:: Information supplied ::
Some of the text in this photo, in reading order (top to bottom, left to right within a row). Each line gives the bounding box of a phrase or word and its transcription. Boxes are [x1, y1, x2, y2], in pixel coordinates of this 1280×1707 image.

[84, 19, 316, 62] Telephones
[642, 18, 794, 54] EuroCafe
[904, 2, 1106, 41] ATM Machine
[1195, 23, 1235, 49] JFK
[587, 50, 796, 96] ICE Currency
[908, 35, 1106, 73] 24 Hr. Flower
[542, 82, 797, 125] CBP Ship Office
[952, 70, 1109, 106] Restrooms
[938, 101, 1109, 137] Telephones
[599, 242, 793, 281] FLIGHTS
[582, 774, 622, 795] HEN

:: Task description ::
Retype each entry exactly.

:: Output ::
Some of the text in this photo, in reading order (top to bottom, left to right within a row). Each line gives the bounding box of a phrase or word and its transcription. Boxes are [x1, y1, x2, y2], in pixel coordinates of this 1280×1707 image.

[84, 19, 316, 62] Telephones
[642, 18, 794, 54] EuroCafe
[904, 2, 1106, 41] ATM Machine
[1195, 23, 1235, 49] JFK
[587, 50, 796, 96] ICE Currency
[908, 35, 1106, 73] 24 Hr. Flower
[542, 82, 797, 125] CBP Ship Office
[952, 70, 1109, 106] Restrooms
[938, 101, 1109, 137] Telephones
[599, 242, 793, 281] FLIGHTS
[582, 774, 622, 795] HEN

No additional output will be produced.